Last year, Lianne Webb was flattened by fatigue -- the result of a decade of living with multiple sclerosis. But 14 months after receiving a highly debated treatment known as liberation therapy, Webb says she feels more energetic than she has in years.

Indeed, on a recent afternoon, she was horseback riding; something that would have been unthinkable before receiving the therapy.

"I feel like I have my life back," she said.

Webb is one of five Canadian patients given the angioplasty treatment within the country.

The treatment had been temporarily offered by a medical team in Barrie, Ont., but the program was halted as doctors hoped to launch a formal treatment study.

Still, many other Canadians have since gone abroad to get the therapy, which aims to open the blocked veins in the neck and chest that are blamed for slowing the flow of blood from the brain.

The original interviews ran on CTV's W5 in April, 2010. A year later, Favaro and producer Elizabeth St. Philip visited all five of those patients to ask them about their progress.

Had the treatment helped? How had their lives changed?

For Webb, the difference was obvious.

Previously, she was giving herself daily injections of a drug called Copaxone, but she was still having MS attacks. Webb could work, but she would return home at the end of the day exhausted, unable to do housework and too tired to care for her family.

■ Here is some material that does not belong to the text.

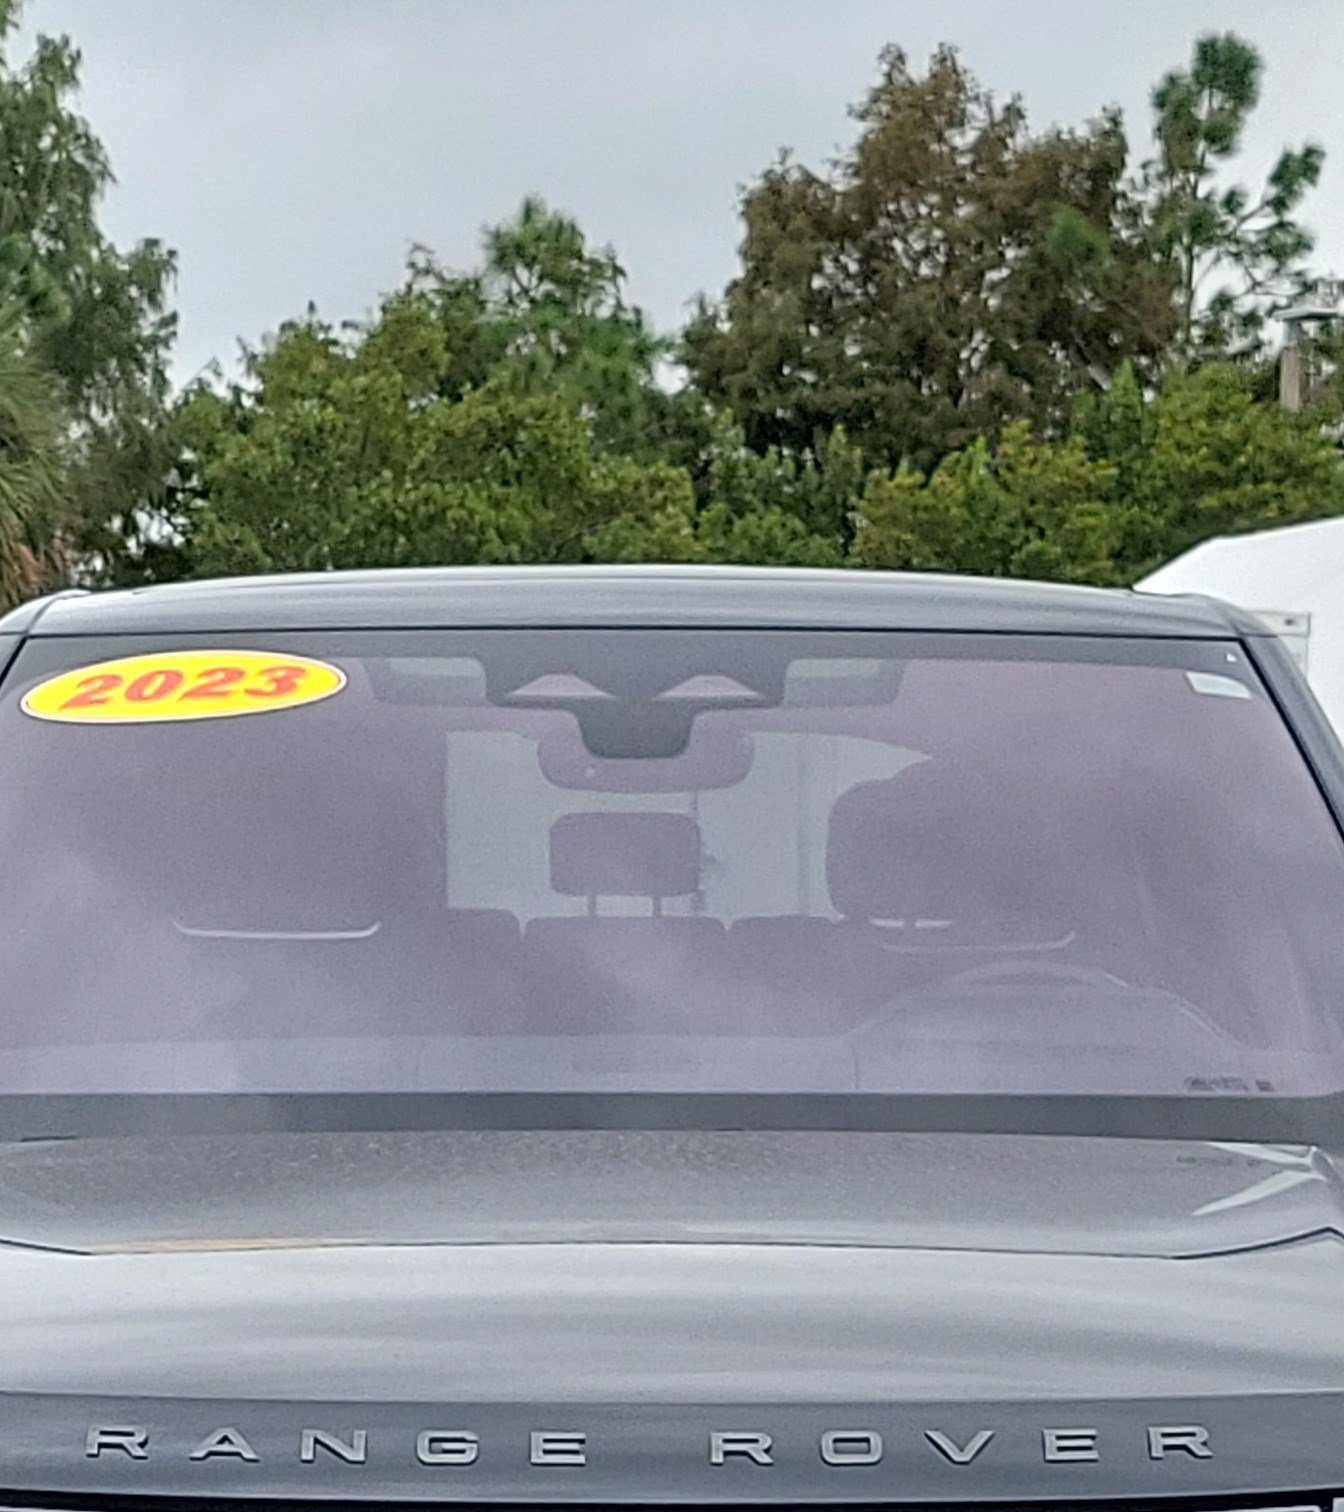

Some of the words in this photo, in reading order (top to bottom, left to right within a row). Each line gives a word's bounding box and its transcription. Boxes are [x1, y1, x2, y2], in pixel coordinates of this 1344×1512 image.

[58, 666, 308, 711] 2023
[85, 1424, 588, 1466] RANGE
[708, 1424, 1216, 1465] ROVER

"I would pass out at 7 at night. Now I am riding many evenings," she says.

Webb says she has stopped taking the MS medications because she has stopped having relapses associated with the condition. She has since bought a horse and a truck, so she can spend time horseback riding, which is one of her passions.

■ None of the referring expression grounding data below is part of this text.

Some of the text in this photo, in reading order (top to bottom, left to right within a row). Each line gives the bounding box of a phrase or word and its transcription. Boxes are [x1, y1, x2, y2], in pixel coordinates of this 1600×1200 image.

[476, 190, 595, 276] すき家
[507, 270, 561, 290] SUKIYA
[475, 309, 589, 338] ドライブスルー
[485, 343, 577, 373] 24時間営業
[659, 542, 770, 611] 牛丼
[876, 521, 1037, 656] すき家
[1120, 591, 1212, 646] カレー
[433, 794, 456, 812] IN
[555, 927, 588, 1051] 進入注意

She's also been spending some time on the golf course.

"I feel great," Webb says, adding that while she may still have MS, "I don't have the symptoms."

Two other patients have reported significant improvements, including Matt Maltese, who only one year ago could not walk up a flight of stairs.

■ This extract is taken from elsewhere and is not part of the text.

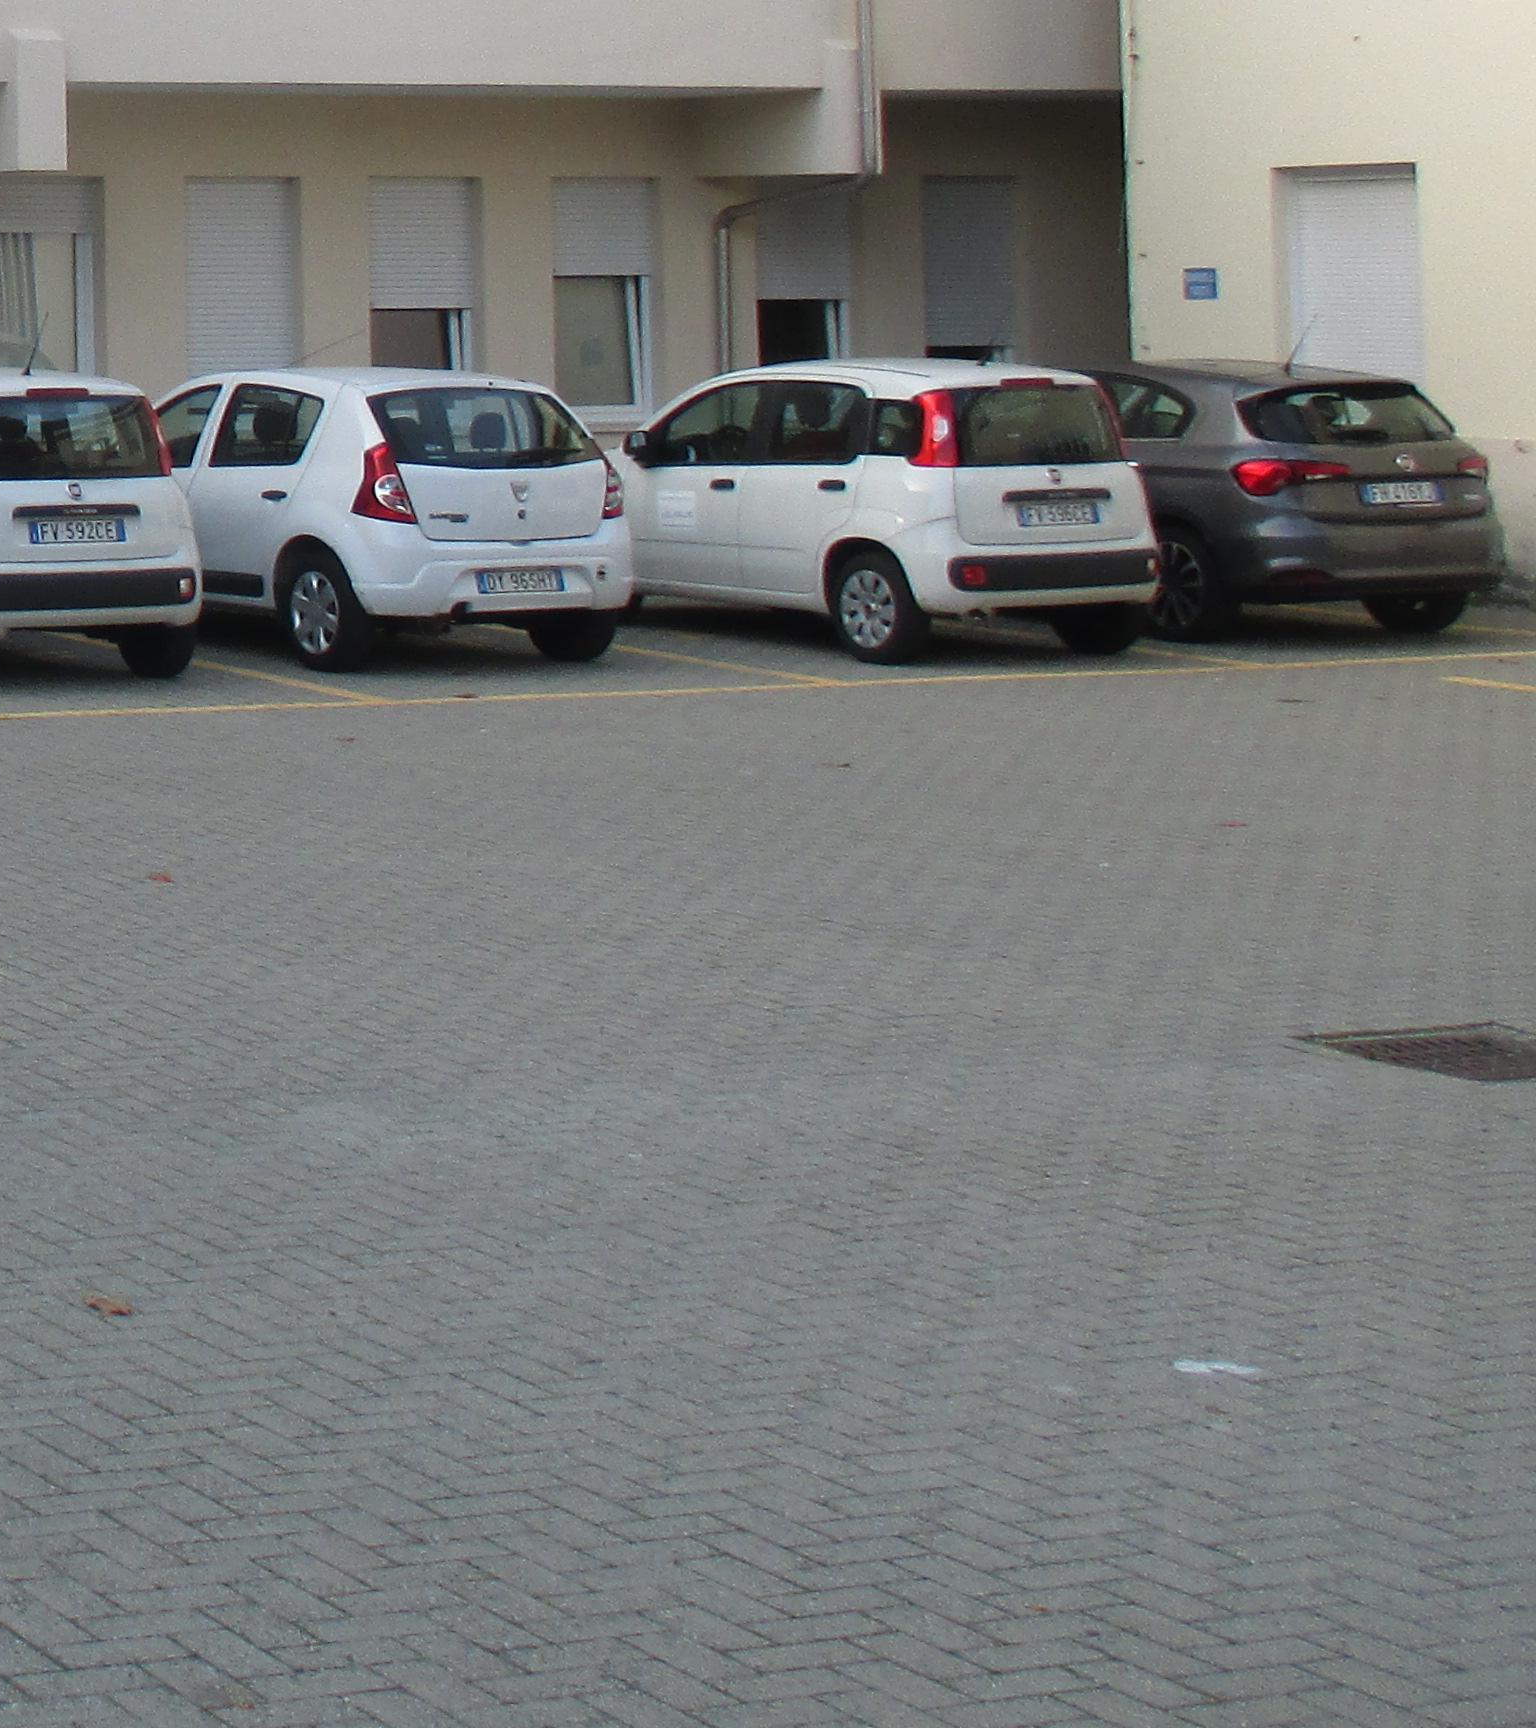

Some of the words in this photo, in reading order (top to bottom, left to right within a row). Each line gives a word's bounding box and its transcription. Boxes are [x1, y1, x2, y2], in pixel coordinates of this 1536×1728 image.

[39, 522, 59, 541] FV
[65, 520, 115, 540] 592CE
[487, 573, 506, 591] DY

These days, he's back to working full-time and is coaching sports again.

"There is no fatigue anymore … I eat more," he says, adding that he wants to return to his job as a physical education teacher.

That success story is shared by Steve Garvie, a patient who one year ago could barely use his left arm and hand. Now, he can lift his 60-kilogram dog with the arm.

"I don't have any fatigue ... I don't have any bladder issues," he says.

Since getting the treatment, he's moved out of government housing and into a new place with his partner. He sleeps better and doesn't take drugs to control his bladder or to alleviate pain.

When asked about suggestions that the treatment has had a placebo effect, Garvie says that's unlikely.

"A placebo lasts a month or two. I am well over a year later, am I a placebo?"

He has also helped set up the CCSVI Foundation which aims to get funding for those seeking the treatment abroad.

CCSVI is an acronym for the disorder, known as chronic cerebro-spinal venous insufficiency.

Less success for others

However, two of the five patients, Sandra Black and Mike Gandhi, have not visibly improved over the past year.

Black got her treatment on Feb. 26, 2010, and she still uses a walker and occasionally a wheelchair.

"I was looking for a miracle and I know it didn't happen. But I do feel good. My fatigue is gone. I wish I had my treatment 15 years ago, before my disease got worse."

Gandhi, meanwhile, has had the procedure twice: first in Canada and then last month in California, after ultrasounds showed that his veins had again narrowed.

Still, Gandhi says his mind feels clearer.

Dr. Sandy McDonald, the vascular surgeon who continues to monitor the patients, is pleased with the results so far, given that there have been no serious complications.

But the doctor says more study is needed.

"We need to do a well-done study to see if the treatment works and make sure it is not placebo. A treatment would demonstrate that it is safe and effective."

Earlier this month, the province of Manitoba announced it would spend $5 million to conduct clinical trials, in addition to a similar pledge made by Saskatchewan.